### TO DO
Repeat the data word for word and skip the pictures.

══ GIVEN ENTRIES

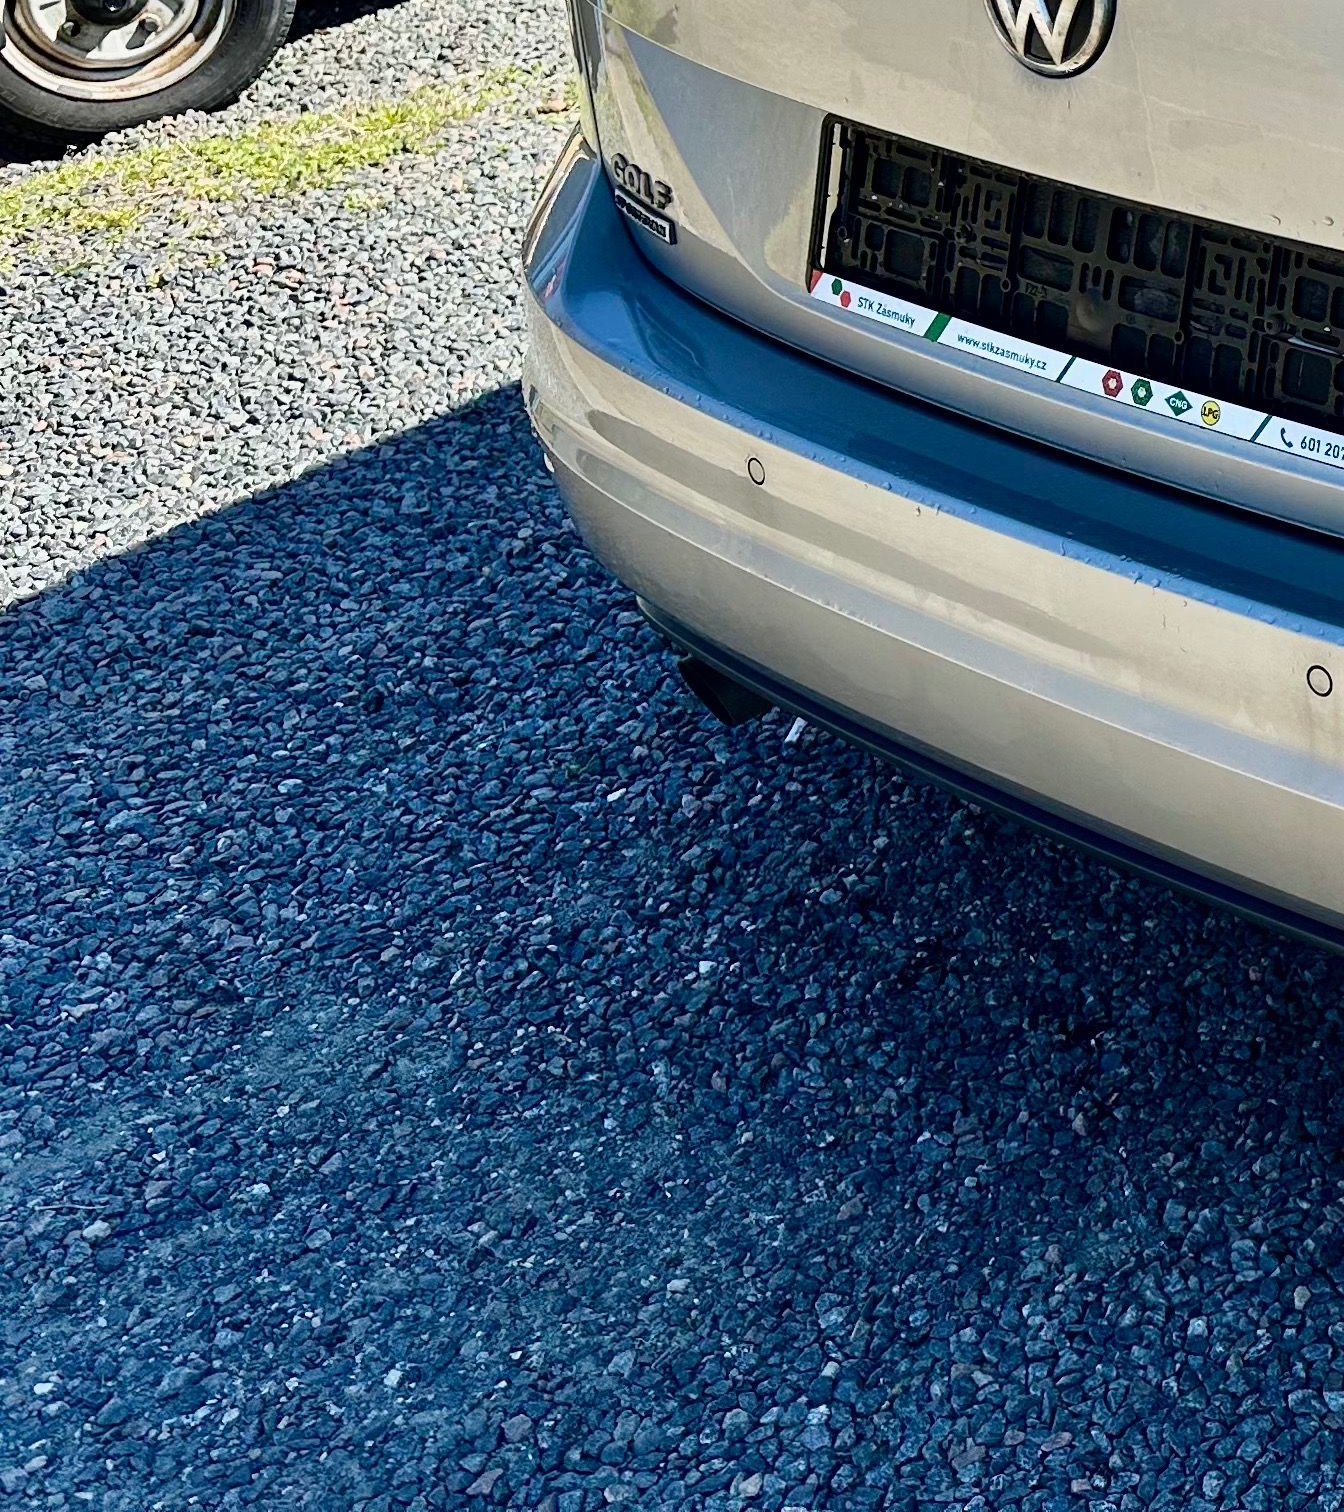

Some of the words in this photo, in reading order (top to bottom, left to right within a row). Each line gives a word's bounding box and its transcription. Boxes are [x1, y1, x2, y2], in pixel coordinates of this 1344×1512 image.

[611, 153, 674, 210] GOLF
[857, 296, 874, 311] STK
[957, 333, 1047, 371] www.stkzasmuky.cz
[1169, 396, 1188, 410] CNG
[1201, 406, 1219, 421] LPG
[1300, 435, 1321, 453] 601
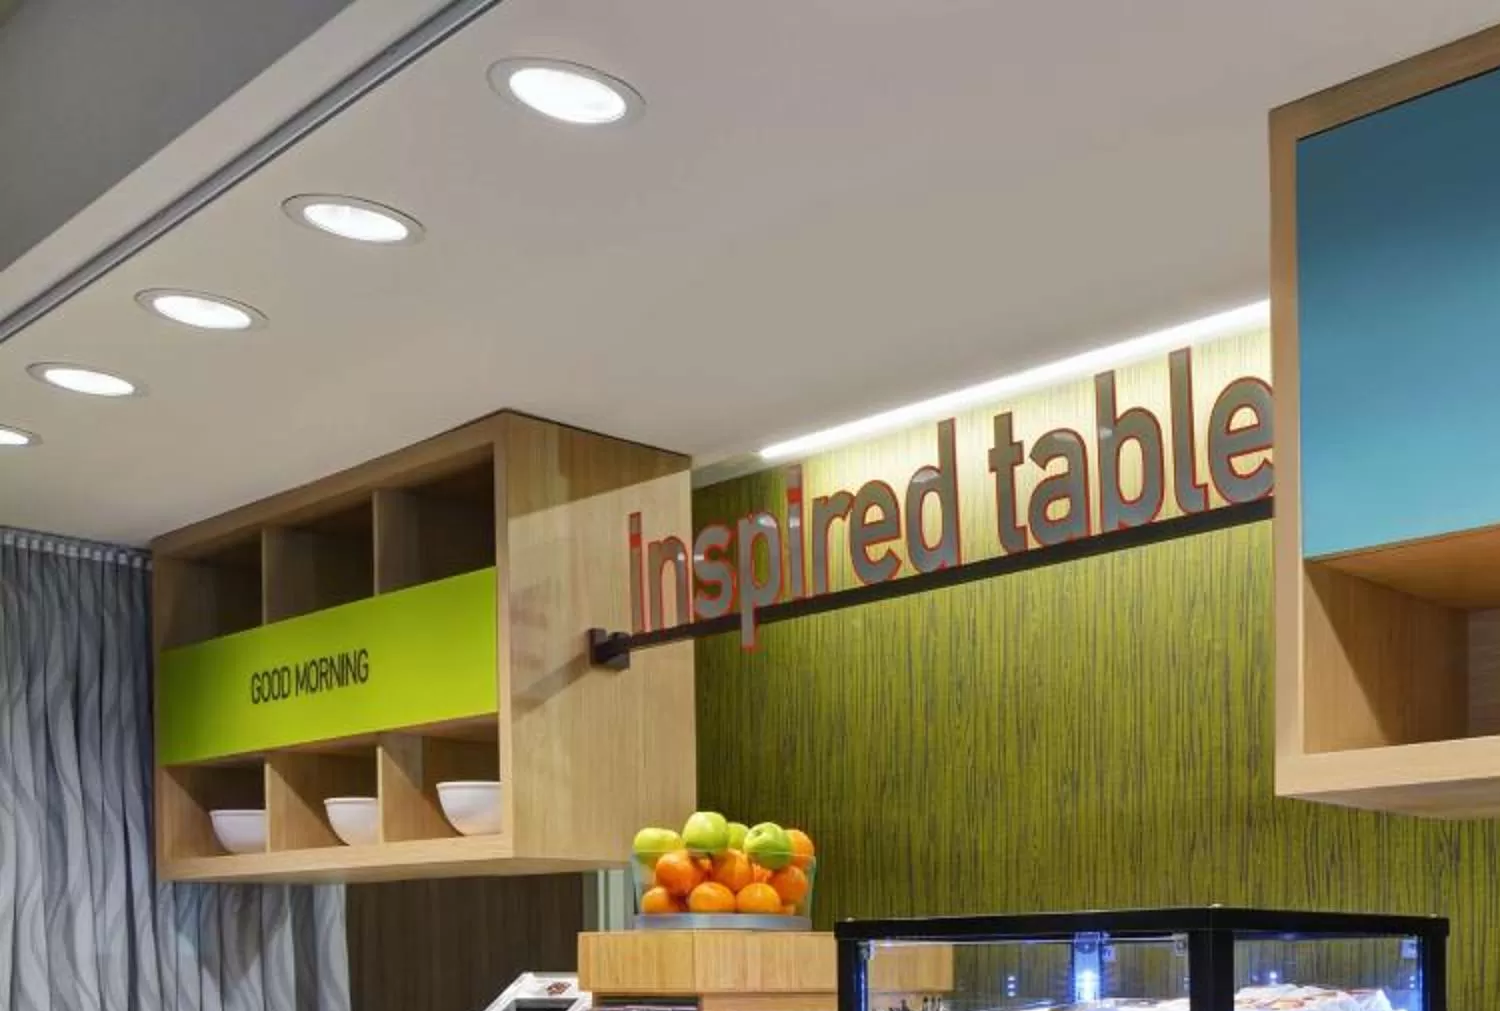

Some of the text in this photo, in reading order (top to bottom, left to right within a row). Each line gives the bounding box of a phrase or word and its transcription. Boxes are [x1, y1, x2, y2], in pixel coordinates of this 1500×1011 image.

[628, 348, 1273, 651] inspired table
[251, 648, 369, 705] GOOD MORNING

════

### SOLUTION BELOW
Some of the words in this photo, in reading order (top to bottom, left to right within a row). Each line gives a word's bounding box and its transcription. Boxes are [x1, y1, x2, y2], in pixel coordinates of this 1344×1512 image.

[611, 153, 674, 210] GOLF
[857, 296, 874, 311] STK
[957, 333, 1047, 371] www.stkzasmuky.cz
[1169, 396, 1188, 410] CNG
[1201, 406, 1219, 421] LPG
[1300, 435, 1321, 453] 601

Some of the text in this photo, in reading order (top to bottom, left to right within a row). Each line gives the bounding box of a phrase or word and its transcription. Boxes are [x1, y1, x2, y2], in pixel coordinates of this 1500×1011 image.

[628, 348, 1273, 651] inspired table
[251, 648, 369, 705] GOOD MORNING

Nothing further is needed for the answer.